#### [WHAT THE TASK REQUIRES]
Please give the data again in full, exactly as it reads.

#### [RECORDS SHOWN]
......

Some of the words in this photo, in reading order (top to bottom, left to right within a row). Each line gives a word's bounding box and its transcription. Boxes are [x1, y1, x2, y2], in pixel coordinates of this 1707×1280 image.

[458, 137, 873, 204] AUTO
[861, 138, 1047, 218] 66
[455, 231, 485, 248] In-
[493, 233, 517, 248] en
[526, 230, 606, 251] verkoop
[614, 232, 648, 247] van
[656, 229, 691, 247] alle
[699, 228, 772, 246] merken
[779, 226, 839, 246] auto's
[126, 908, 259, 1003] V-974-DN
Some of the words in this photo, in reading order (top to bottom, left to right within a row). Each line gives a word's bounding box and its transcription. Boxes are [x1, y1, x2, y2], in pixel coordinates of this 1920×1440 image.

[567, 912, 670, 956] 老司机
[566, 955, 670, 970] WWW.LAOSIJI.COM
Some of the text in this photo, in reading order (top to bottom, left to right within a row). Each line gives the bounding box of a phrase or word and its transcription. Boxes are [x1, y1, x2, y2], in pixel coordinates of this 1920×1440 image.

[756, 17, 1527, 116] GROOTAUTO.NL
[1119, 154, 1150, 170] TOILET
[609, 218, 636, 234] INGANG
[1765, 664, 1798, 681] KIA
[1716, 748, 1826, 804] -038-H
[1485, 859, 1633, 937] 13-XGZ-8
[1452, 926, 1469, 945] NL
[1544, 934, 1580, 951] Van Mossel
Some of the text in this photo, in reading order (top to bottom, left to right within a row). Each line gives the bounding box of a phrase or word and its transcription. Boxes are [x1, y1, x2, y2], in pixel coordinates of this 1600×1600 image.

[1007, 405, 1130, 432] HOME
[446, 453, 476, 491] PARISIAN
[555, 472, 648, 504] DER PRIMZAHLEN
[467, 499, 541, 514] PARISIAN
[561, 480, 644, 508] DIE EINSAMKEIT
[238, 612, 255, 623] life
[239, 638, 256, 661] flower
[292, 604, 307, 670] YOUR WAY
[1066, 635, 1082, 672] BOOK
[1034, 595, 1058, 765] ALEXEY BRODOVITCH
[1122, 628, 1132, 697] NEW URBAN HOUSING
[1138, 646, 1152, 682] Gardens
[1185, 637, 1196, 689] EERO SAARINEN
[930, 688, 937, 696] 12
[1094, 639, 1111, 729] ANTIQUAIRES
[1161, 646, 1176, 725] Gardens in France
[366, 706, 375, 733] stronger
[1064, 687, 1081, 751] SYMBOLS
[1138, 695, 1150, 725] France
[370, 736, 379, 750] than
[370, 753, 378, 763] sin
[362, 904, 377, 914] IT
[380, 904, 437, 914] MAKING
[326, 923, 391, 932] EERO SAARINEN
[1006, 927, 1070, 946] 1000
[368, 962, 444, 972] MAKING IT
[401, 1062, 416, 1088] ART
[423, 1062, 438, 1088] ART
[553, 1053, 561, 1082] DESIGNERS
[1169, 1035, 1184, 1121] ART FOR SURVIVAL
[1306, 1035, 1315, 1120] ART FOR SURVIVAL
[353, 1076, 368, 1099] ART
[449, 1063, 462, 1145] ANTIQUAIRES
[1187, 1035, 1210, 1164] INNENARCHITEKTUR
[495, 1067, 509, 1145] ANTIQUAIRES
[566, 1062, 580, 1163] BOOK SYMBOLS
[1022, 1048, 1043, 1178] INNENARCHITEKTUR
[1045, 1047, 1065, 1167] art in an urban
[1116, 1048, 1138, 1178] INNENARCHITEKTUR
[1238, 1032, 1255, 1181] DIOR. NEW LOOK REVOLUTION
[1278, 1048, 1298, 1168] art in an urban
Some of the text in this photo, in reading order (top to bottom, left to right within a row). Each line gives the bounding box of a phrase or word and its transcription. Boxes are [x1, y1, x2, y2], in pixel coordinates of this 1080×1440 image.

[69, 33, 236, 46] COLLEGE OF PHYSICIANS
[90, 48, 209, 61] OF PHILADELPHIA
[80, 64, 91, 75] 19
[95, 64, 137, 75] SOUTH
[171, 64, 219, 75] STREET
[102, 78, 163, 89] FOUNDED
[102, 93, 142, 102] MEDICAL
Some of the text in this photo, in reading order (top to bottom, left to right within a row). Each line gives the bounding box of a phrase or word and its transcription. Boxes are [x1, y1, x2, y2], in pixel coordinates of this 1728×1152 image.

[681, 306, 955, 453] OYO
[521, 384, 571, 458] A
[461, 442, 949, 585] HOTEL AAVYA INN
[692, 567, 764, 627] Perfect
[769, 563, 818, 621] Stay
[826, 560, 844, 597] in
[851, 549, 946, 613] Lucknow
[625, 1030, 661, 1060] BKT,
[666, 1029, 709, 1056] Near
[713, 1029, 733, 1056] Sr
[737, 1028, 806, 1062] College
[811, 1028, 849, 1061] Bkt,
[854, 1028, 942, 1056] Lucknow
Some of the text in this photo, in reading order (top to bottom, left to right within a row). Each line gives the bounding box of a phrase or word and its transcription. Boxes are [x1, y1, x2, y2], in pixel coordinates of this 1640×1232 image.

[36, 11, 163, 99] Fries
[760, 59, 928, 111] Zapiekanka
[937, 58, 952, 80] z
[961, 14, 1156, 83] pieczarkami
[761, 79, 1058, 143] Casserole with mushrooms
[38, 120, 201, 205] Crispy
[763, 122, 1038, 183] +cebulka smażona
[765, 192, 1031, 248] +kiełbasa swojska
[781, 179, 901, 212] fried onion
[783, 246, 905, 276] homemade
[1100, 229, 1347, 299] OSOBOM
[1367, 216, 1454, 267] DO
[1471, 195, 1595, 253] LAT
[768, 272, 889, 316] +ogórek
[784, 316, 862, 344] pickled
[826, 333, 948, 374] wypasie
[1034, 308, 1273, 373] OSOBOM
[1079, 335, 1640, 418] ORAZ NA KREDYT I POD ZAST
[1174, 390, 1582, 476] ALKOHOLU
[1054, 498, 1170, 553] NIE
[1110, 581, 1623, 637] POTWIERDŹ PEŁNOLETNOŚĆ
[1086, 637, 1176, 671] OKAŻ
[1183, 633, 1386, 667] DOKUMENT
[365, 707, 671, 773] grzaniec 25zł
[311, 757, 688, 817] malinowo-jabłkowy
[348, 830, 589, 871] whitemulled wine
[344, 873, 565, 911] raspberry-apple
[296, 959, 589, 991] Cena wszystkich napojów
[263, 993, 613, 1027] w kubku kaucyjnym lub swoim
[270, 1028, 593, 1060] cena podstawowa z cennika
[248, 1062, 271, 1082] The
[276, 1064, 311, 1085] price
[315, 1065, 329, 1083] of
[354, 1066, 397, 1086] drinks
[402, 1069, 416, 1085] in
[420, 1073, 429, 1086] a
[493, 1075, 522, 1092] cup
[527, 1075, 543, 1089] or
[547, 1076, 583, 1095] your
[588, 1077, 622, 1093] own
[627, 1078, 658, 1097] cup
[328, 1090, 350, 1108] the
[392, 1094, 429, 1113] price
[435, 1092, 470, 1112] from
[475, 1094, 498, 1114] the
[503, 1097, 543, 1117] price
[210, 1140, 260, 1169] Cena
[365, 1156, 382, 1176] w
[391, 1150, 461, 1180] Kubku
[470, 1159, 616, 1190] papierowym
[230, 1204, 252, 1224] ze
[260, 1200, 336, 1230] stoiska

......

#### [ANSWER BOX]
Some of the words in this photo, in reading order (top to bottom, left to right within a row). Each line gives a word's bounding box and its transcription. Boxes are [x1, y1, x2, y2], in pixel coordinates of this 1707×1280 image.

[458, 137, 873, 204] AUTO
[861, 138, 1047, 218] 66
[455, 231, 485, 248] In-
[493, 233, 517, 248] en
[526, 230, 606, 251] verkoop
[614, 232, 648, 247] van
[656, 229, 691, 247] alle
[699, 228, 772, 246] merken
[779, 226, 839, 246] auto's
[126, 908, 259, 1003] V-974-DN
Some of the words in this photo, in reading order (top to bottom, left to right within a row). Each line gives a word's bounding box and its transcription. Boxes are [x1, y1, x2, y2], in pixel coordinates of this 1920×1440 image.

[567, 912, 670, 956] 老司机
[566, 955, 670, 970] WWW.LAOSIJI.COM
Some of the text in this photo, in reading order (top to bottom, left to right within a row). Each line gives the bounding box of a phrase or word and its transcription. Boxes are [x1, y1, x2, y2], in pixel coordinates of this 1920×1440 image.

[756, 17, 1527, 116] GROOTAUTO.NL
[1119, 154, 1150, 170] TOILET
[609, 218, 636, 234] INGANG
[1765, 664, 1798, 681] KIA
[1716, 748, 1826, 804] -038-H
[1485, 859, 1633, 937] 13-XGZ-8
[1452, 926, 1469, 945] NL
[1544, 934, 1580, 951] Van Mossel
Some of the text in this photo, in reading order (top to bottom, left to right within a row). Each line gives the bounding box of a phrase or word and its transcription. Boxes are [x1, y1, x2, y2], in pixel coordinates of this 1600×1600 image.

[1007, 405, 1130, 432] HOME
[446, 453, 476, 491] PARISIAN
[555, 472, 648, 504] DER PRIMZAHLEN
[467, 499, 541, 514] PARISIAN
[561, 480, 644, 508] DIE EINSAMKEIT
[238, 612, 255, 623] life
[239, 638, 256, 661] flower
[292, 604, 307, 670] YOUR WAY
[1066, 635, 1082, 672] BOOK
[1034, 595, 1058, 765] ALEXEY BRODOVITCH
[1122, 628, 1132, 697] NEW URBAN HOUSING
[1138, 646, 1152, 682] Gardens
[1185, 637, 1196, 689] EERO SAARINEN
[930, 688, 937, 696] 12
[1094, 639, 1111, 729] ANTIQUAIRES
[1161, 646, 1176, 725] Gardens in France
[366, 706, 375, 733] stronger
[1064, 687, 1081, 751] SYMBOLS
[1138, 695, 1150, 725] France
[370, 736, 379, 750] than
[370, 753, 378, 763] sin
[362, 904, 377, 914] IT
[380, 904, 437, 914] MAKING
[326, 923, 391, 932] EERO SAARINEN
[1006, 927, 1070, 946] 1000
[368, 962, 444, 972] MAKING IT
[401, 1062, 416, 1088] ART
[423, 1062, 438, 1088] ART
[553, 1053, 561, 1082] DESIGNERS
[1169, 1035, 1184, 1121] ART FOR SURVIVAL
[1306, 1035, 1315, 1120] ART FOR SURVIVAL
[353, 1076, 368, 1099] ART
[449, 1063, 462, 1145] ANTIQUAIRES
[1187, 1035, 1210, 1164] INNENARCHITEKTUR
[495, 1067, 509, 1145] ANTIQUAIRES
[566, 1062, 580, 1163] BOOK SYMBOLS
[1022, 1048, 1043, 1178] INNENARCHITEKTUR
[1045, 1047, 1065, 1167] art in an urban
[1116, 1048, 1138, 1178] INNENARCHITEKTUR
[1238, 1032, 1255, 1181] DIOR. NEW LOOK REVOLUTION
[1278, 1048, 1298, 1168] art in an urban
Some of the text in this photo, in reading order (top to bottom, left to right within a row). Each line gives the bounding box of a phrase or word and its transcription. Boxes are [x1, y1, x2, y2], in pixel coordinates of this 1080×1440 image.

[69, 33, 236, 46] COLLEGE OF PHYSICIANS
[90, 48, 209, 61] OF PHILADELPHIA
[80, 64, 91, 75] 19
[95, 64, 137, 75] SOUTH
[171, 64, 219, 75] STREET
[102, 78, 163, 89] FOUNDED
[102, 93, 142, 102] MEDICAL
Some of the text in this photo, in reading order (top to bottom, left to right within a row). Each line gives the bounding box of a phrase or word and its transcription. Boxes are [x1, y1, x2, y2], in pixel coordinates of this 1728×1152 image.

[681, 306, 955, 453] OYO
[521, 384, 571, 458] A
[461, 442, 949, 585] HOTEL AAVYA INN
[692, 567, 764, 627] Perfect
[769, 563, 818, 621] Stay
[826, 560, 844, 597] in
[851, 549, 946, 613] Lucknow
[625, 1030, 661, 1060] BKT,
[666, 1029, 709, 1056] Near
[713, 1029, 733, 1056] Sr
[737, 1028, 806, 1062] College
[811, 1028, 849, 1061] Bkt,
[854, 1028, 942, 1056] Lucknow
Some of the text in this photo, in reading order (top to bottom, left to right within a row). Each line gives the bounding box of a phrase or word and its transcription. Boxes are [x1, y1, x2, y2], in pixel coordinates of this 1640×1232 image.

[36, 11, 163, 99] Fries
[760, 59, 928, 111] Zapiekanka
[937, 58, 952, 80] z
[961, 14, 1156, 83] pieczarkami
[761, 79, 1058, 143] Casserole with mushrooms
[38, 120, 201, 205] Crispy
[763, 122, 1038, 183] +cebulka smażona
[765, 192, 1031, 248] +kiełbasa swojska
[781, 179, 901, 212] fried onion
[783, 246, 905, 276] homemade
[1100, 229, 1347, 299] OSOBOM
[1367, 216, 1454, 267] DO
[1471, 195, 1595, 253] LAT
[768, 272, 889, 316] +ogórek
[784, 316, 862, 344] pickled
[826, 333, 948, 374] wypasie
[1034, 308, 1273, 373] OSOBOM
[1079, 335, 1640, 418] ORAZ NA KREDYT I POD ZAST
[1174, 390, 1582, 476] ALKOHOLU
[1054, 498, 1170, 553] NIE
[1110, 581, 1623, 637] POTWIERDŹ PEŁNOLETNOŚĆ
[1086, 637, 1176, 671] OKAŻ
[1183, 633, 1386, 667] DOKUMENT
[365, 707, 671, 773] grzaniec 25zł
[311, 757, 688, 817] malinowo-jabłkowy
[348, 830, 589, 871] whitemulled wine
[344, 873, 565, 911] raspberry-apple
[296, 959, 589, 991] Cena wszystkich napojów
[263, 993, 613, 1027] w kubku kaucyjnym lub swoim
[270, 1028, 593, 1060] cena podstawowa z cennika
[248, 1062, 271, 1082] The
[276, 1064, 311, 1085] price
[315, 1065, 329, 1083] of
[354, 1066, 397, 1086] drinks
[402, 1069, 416, 1085] in
[420, 1073, 429, 1086] a
[493, 1075, 522, 1092] cup
[527, 1075, 543, 1089] or
[547, 1076, 583, 1095] your
[588, 1077, 622, 1093] own
[627, 1078, 658, 1097] cup
[328, 1090, 350, 1108] the
[392, 1094, 429, 1113] price
[435, 1092, 470, 1112] from
[475, 1094, 498, 1114] the
[503, 1097, 543, 1117] price
[210, 1140, 260, 1169] Cena
[365, 1156, 382, 1176] w
[391, 1150, 461, 1180] Kubku
[470, 1159, 616, 1190] papierowym
[230, 1204, 252, 1224] ze
[260, 1200, 336, 1230] stoiska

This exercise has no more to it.